Work to complete:
Please reproduce each line of the data below exactly as shown.

Text-to-region grounding data:
Start of Block

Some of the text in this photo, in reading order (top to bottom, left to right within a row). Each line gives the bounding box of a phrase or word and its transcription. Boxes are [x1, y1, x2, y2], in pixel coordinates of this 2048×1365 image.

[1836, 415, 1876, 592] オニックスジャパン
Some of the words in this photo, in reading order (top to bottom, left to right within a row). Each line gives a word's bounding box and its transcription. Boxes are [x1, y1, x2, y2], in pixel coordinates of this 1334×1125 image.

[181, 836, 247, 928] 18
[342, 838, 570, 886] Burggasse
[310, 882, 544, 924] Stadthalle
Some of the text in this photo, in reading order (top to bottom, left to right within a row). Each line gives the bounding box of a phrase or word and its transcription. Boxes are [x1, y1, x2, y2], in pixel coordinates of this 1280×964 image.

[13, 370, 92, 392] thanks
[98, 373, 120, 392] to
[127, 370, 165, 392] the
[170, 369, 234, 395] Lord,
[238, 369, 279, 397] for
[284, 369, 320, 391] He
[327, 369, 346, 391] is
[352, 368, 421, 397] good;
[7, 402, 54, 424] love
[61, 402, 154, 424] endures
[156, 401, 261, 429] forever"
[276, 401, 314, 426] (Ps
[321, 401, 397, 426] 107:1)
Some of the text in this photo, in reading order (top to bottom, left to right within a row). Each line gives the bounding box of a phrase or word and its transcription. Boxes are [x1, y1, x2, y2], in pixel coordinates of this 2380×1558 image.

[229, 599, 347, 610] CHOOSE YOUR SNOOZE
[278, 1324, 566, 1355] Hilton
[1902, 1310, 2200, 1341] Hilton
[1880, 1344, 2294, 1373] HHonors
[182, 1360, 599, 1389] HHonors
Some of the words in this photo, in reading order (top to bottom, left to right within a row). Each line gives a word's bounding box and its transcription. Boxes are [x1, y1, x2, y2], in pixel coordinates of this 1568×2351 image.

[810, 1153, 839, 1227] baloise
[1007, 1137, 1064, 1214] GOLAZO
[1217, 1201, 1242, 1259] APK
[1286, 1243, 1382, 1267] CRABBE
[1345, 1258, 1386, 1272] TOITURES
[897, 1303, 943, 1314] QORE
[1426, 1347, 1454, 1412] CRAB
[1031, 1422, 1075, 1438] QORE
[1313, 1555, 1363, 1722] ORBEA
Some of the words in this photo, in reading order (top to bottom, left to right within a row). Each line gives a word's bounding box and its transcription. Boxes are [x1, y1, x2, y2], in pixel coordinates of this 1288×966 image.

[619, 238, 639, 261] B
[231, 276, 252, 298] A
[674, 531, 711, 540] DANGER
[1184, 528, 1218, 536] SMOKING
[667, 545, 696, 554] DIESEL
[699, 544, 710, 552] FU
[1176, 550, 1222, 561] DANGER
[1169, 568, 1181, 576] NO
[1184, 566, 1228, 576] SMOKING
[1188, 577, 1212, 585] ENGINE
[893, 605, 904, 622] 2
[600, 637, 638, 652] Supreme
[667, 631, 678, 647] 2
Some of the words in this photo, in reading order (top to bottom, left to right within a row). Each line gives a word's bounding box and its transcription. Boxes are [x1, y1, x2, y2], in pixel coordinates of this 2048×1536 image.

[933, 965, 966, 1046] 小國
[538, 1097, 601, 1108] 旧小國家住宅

End of Block

Written solution:
Some of the text in this photo, in reading order (top to bottom, left to right within a row). Each line gives the bounding box of a phrase or word and its transcription. Boxes are [x1, y1, x2, y2], in pixel coordinates of this 2048×1365 image.

[1836, 415, 1876, 592] オニックスジャパン
Some of the words in this photo, in reading order (top to bottom, left to right within a row). Each line gives a word's bounding box and its transcription. Boxes are [x1, y1, x2, y2], in pixel coordinates of this 1334×1125 image.

[181, 836, 247, 928] 18
[342, 838, 570, 886] Burggasse
[310, 882, 544, 924] Stadthalle
Some of the text in this photo, in reading order (top to bottom, left to right within a row). Each line gives the bounding box of a phrase or word and its transcription. Boxes are [x1, y1, x2, y2], in pixel coordinates of this 1280×964 image.

[13, 370, 92, 392] thanks
[98, 373, 120, 392] to
[127, 370, 165, 392] the
[170, 369, 234, 395] Lord,
[238, 369, 279, 397] for
[284, 369, 320, 391] He
[327, 369, 346, 391] is
[352, 368, 421, 397] good;
[7, 402, 54, 424] love
[61, 402, 154, 424] endures
[156, 401, 261, 429] forever"
[276, 401, 314, 426] (Ps
[321, 401, 397, 426] 107:1)
Some of the text in this photo, in reading order (top to bottom, left to right within a row). Each line gives the bounding box of a phrase or word and its transcription. Boxes are [x1, y1, x2, y2], in pixel coordinates of this 2380×1558 image.

[229, 599, 347, 610] CHOOSE YOUR SNOOZE
[278, 1324, 566, 1355] Hilton
[1902, 1310, 2200, 1341] Hilton
[1880, 1344, 2294, 1373] HHonors
[182, 1360, 599, 1389] HHonors
Some of the words in this photo, in reading order (top to bottom, left to right within a row). Each line gives a word's bounding box and its transcription. Boxes are [x1, y1, x2, y2], in pixel coordinates of this 1568×2351 image.

[810, 1153, 839, 1227] baloise
[1007, 1137, 1064, 1214] GOLAZO
[1217, 1201, 1242, 1259] APK
[1286, 1243, 1382, 1267] CRABBE
[1345, 1258, 1386, 1272] TOITURES
[897, 1303, 943, 1314] QORE
[1426, 1347, 1454, 1412] CRAB
[1031, 1422, 1075, 1438] QORE
[1313, 1555, 1363, 1722] ORBEA
Some of the words in this photo, in reading order (top to bottom, left to right within a row). Each line gives a word's bounding box and its transcription. Boxes are [x1, y1, x2, y2], in pixel coordinates of this 1288×966 image.

[619, 238, 639, 261] B
[231, 276, 252, 298] A
[674, 531, 711, 540] DANGER
[1184, 528, 1218, 536] SMOKING
[667, 545, 696, 554] DIESEL
[699, 544, 710, 552] FU
[1176, 550, 1222, 561] DANGER
[1169, 568, 1181, 576] NO
[1184, 566, 1228, 576] SMOKING
[1188, 577, 1212, 585] ENGINE
[893, 605, 904, 622] 2
[600, 637, 638, 652] Supreme
[667, 631, 678, 647] 2
Some of the words in this photo, in reading order (top to bottom, left to right within a row). Each line gives a word's bounding box and its transcription. Boxes are [x1, y1, x2, y2], in pixel coordinates of this 2048×1536 image.

[933, 965, 966, 1046] 小國
[538, 1097, 601, 1108] 旧小國家住宅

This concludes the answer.